The Content Proposals homepage lists all the contributions and suggestions made to add content to your TIP CTI database.

Types of Content Proposals

There are two types of content proposals:

  • CPs that are manually made by analysts
  • CPs that are automatically pushed by playbooks

Content Proposals statuses

A Content Proposal has three possible statuses. You can filter your CPs by status by clicking on one of the tabs.

  • Pending: CPs are still being updated and have not been merged yet
  • Merged: CPs have been approved and their content is now part of the CTI database
  • Rejected: CPs have been rejected and their content has not been deployed in the database

Available filters on Content Proposals

You can also filter your content proposals based on different filters:

  • The source of the CP
  • The assigned analyst in charge of the CP
  • The reviewed assigned to the CP

Each Content Proposal can be assigned to a member of your team and a reviewer.

Create an empty Content Proposal

In the listing page, the `Create button allows you to create a new empty Content Proposal.

In the left panel of the layout, you have access to different tabs:

The Objects tab

The Objects tab allows you to:

  • Add existing objects from the CTI database to your Content Proposal
  • Create new objects
  • Create relationships (one by one or in chain)
  • Update objects

In this tab, you can display all the objects present in the Content Proposals and filter them by type, review status or whether or not objects have an associated warning.
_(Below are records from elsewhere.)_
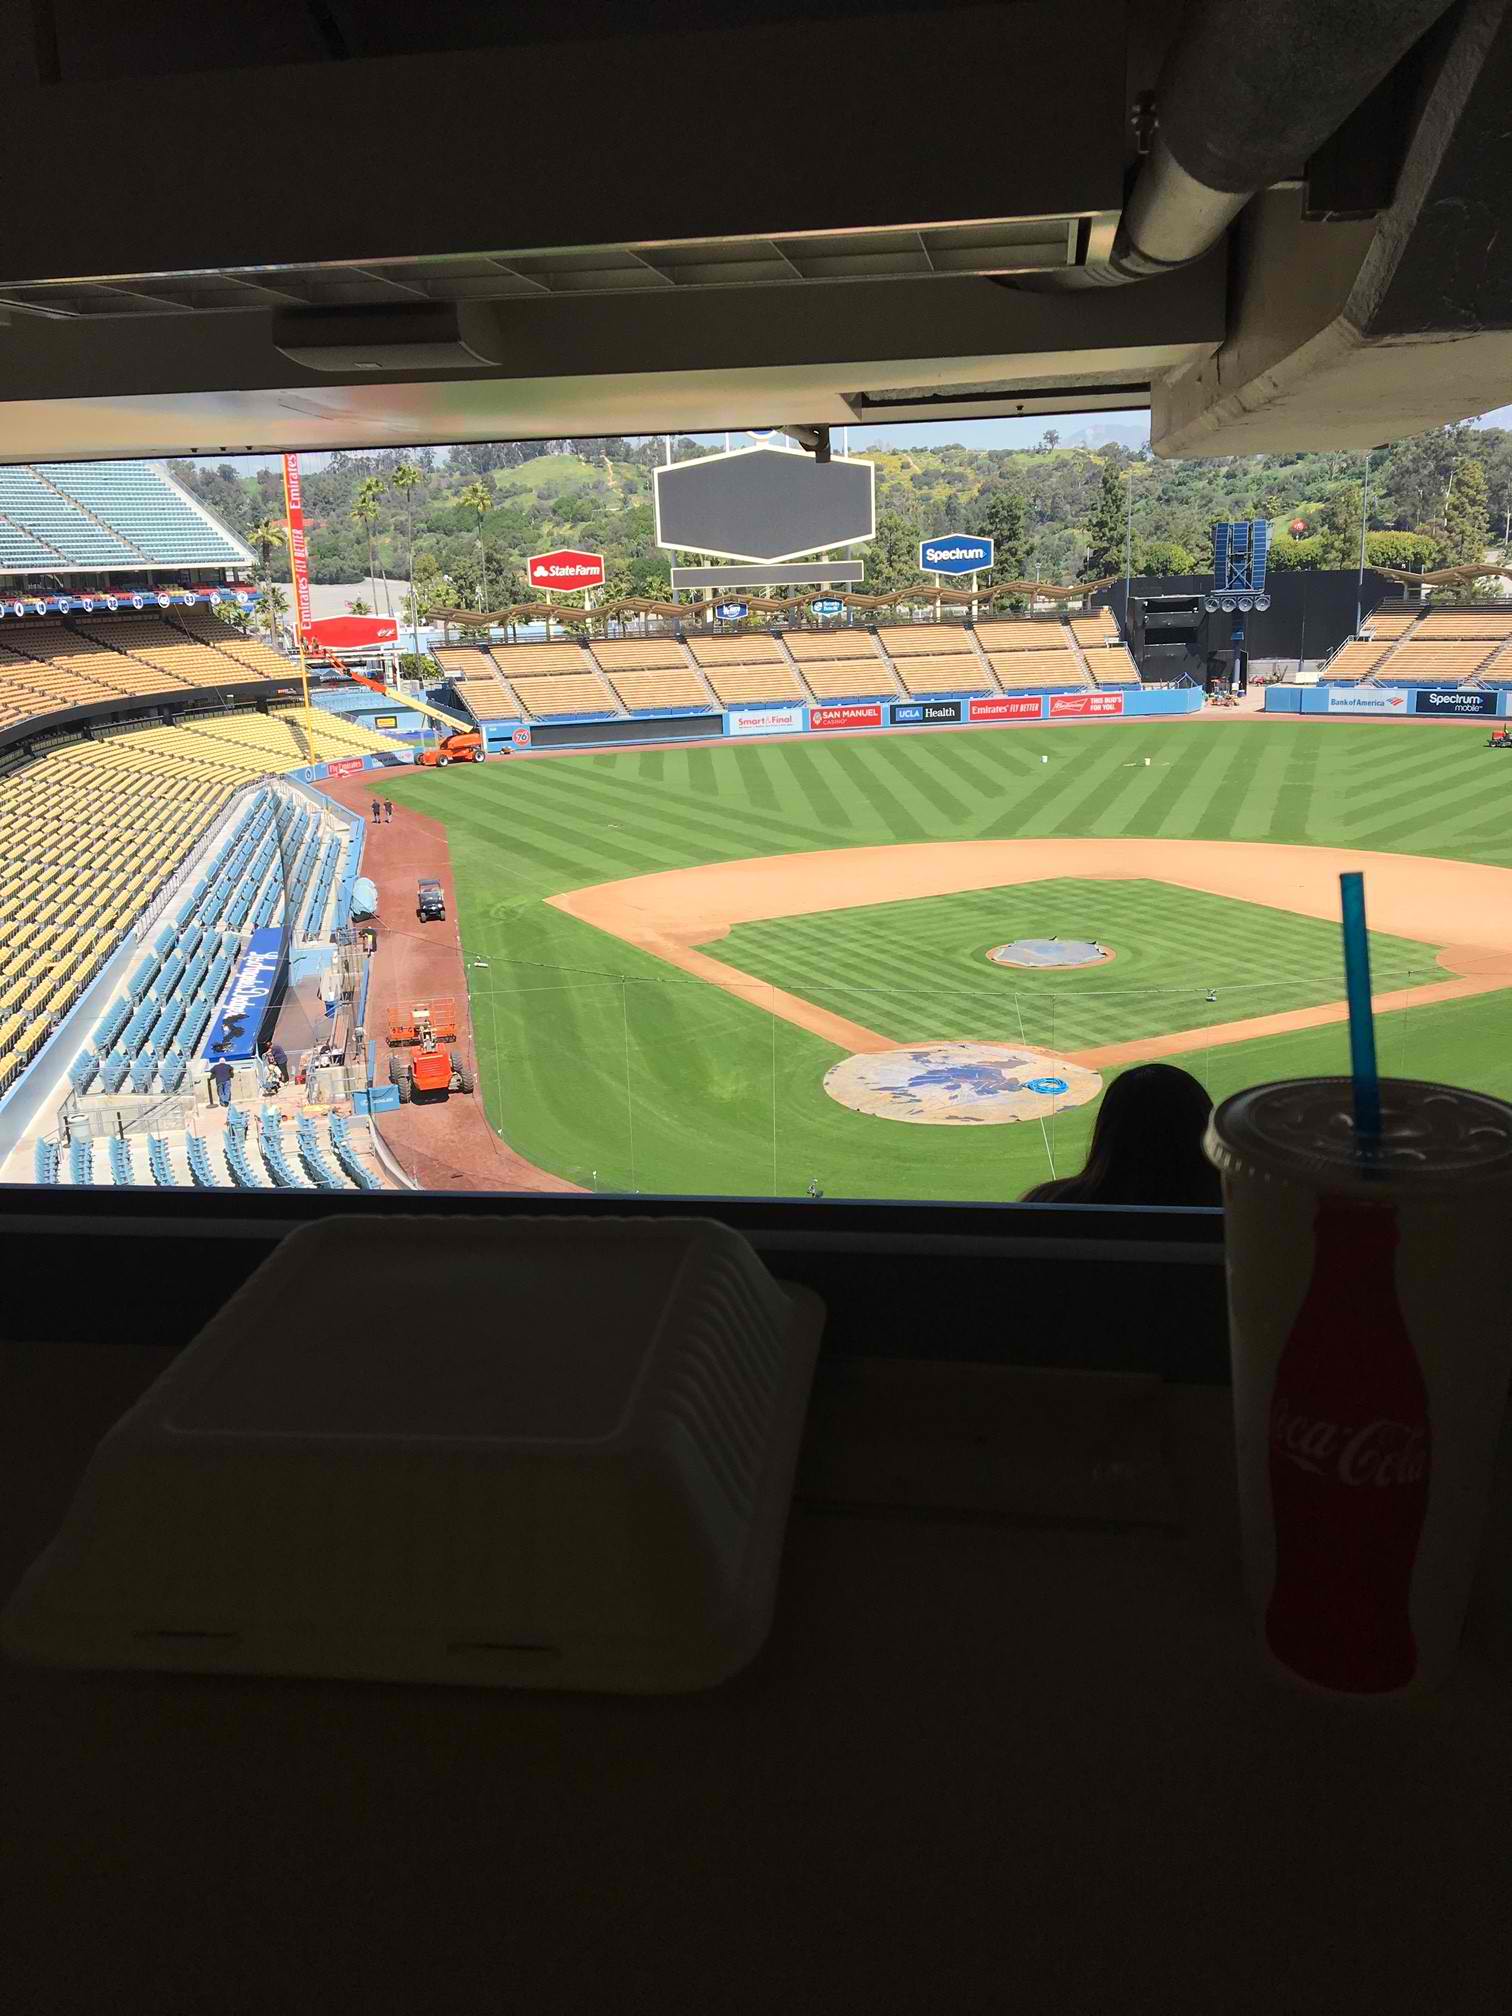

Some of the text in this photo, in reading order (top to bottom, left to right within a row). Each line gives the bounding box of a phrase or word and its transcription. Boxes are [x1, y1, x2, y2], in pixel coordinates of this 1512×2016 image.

[287, 453, 301, 509] Emirates
[926, 547, 984, 564] Spectrum
[298, 576, 312, 630] Emirates
[1330, 698, 1348, 706] Bank
[1356, 699, 1385, 707] America
[1429, 693, 1480, 706] Spectrum
[823, 708, 879, 719] SAN MANUEL
[899, 707, 956, 718] UCLA Health
[1454, 704, 1480, 712] mobile
[738, 718, 765, 726] Smart
[771, 714, 793, 724] Final
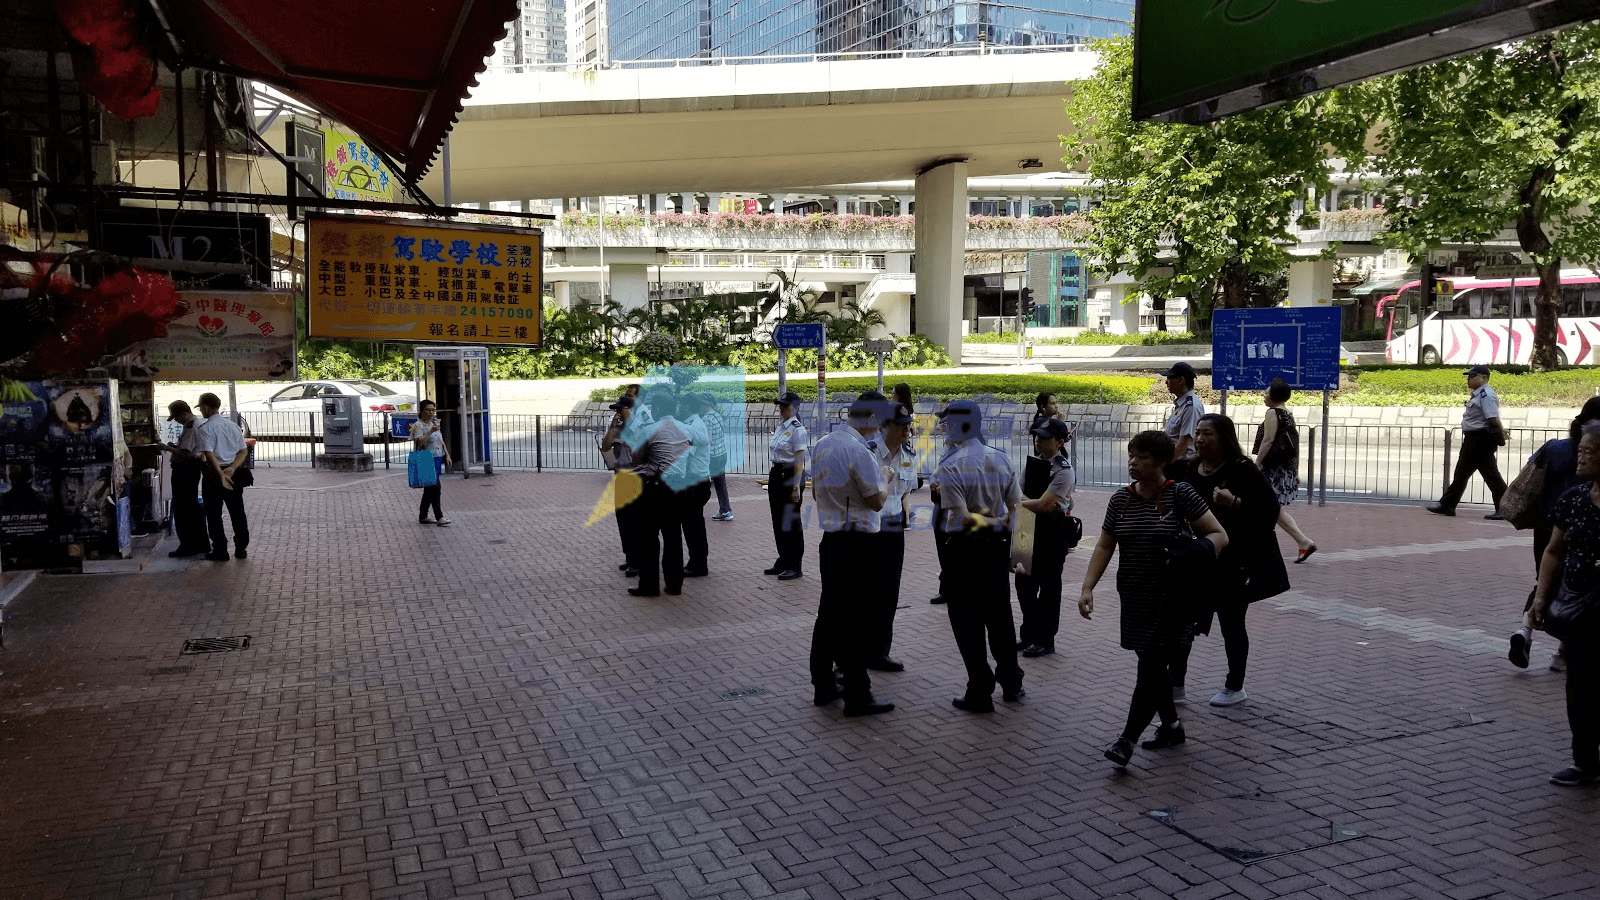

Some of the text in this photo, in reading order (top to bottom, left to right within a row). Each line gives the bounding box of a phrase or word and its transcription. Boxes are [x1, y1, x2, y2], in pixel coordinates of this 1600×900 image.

[147, 235, 213, 261] M2
[506, 243, 533, 257] 荃灣
[506, 256, 533, 269] 分校
[460, 305, 534, 320] 24157090
[428, 322, 529, 340] 報名請上三樓
A button also allows multiple selection to perform different bulk actions such as:

  • Adding existing relationships
  • Creating new relationships
  • Deleting objects
  • Updating objects

The Observables tab

The Observables tab allows you to:

  • Create Observables individually
  • Import Observables in bulk
  • Assign tags to Observables
  • Transform Observables into Indicators

A button also allows multiple selection to perform different “bulk” actions such as creating indicators from Observables, adding one or more tags or deleting Observables.

The Relationships tab

The Relationships tab gives you the possibility to create relationships between two objects of the CTI database.

This phase of creating Objects and Relations can also be done directly from the Graph view.

Import content to create a Content Proposal

To create a Content Proposal, you can also import content.

There are three possible options to import content:

  • From a file
  • From a free text
  • From a URL

The imported content will be parsed in order to recognize as many Observables as possible (IP, domain names, file hash, e-mail address, URL, etc.) as well as objects already known to the CTI database (malware, intrusion set, attack pattern ATT&CK, location, etc.).

Comments on CP

To improve the review of a content proposal and allow interactions between the assignee and the reviewer, a comment feature has been recently implemented inside the Content Proposal page.

Post a comment

To be able to comment or to see comments on a Content Proposal:

  1. Go to a Content Proposal
  2. In the Content Proposal's header, a button Comments shows next to the graph icon and the Reject and Merge buttons
  3. Write down your comment and press Enter or click on Comment

Edit a comment

To edit a comment posted on a Content Proposal:

  1. Click on the comment panel
  2. Hover over the comment you wrote that you want to edit
  3. Click on the Edit icon
  4. Edit your comment and Enter or click on Comment

Delete a comment

To delete a comment left on a Content Proposal:

  1. Click on the comment panel
  2. Hover over the comment you wrote that you want to delete
  3. Click on the Delete icon
  4. Confirm your choice by clicking on Delete in the confirmation modal

Note

If you delete a comment, you will not be able to recover it.

Request for Intelligence

In order to enable end users to make direct requests to our analysts to create an intelligence report or take a specific action, we added a new functionality “RFI” - short for Request For Intelligence - that we integrated into the Intelligence Center.

Create an RFI

In the Content Proposals listing page, there is a button on the top right of the page called `Request for Intelligence. To create an RFI, click on that button and fill out the form with the following information:

  • Type of request: could be a situational awareness report, a request for investigation, a threat assesment or a request for action
  • Assignee: who's in charge of making the Content Proposal
  • Summary of your request: the title of the content proposal
  • A description of the request
  • Priority of the request: low, mediumor high
  • Traffic Light Protocol (TLP)

Once you’ve created the request, a new content proposal will be automatically created.

Filter on RFI

You can filter the RFI Content Proposals using the checkbox: Show only RFI.

Note

This feature is available to the TIP users that have the INTHREAT_WRITE_REQUEST_FOR_INTELLIGENCE permission. This permission will be delivered to all SEKOIA.IO TIPs.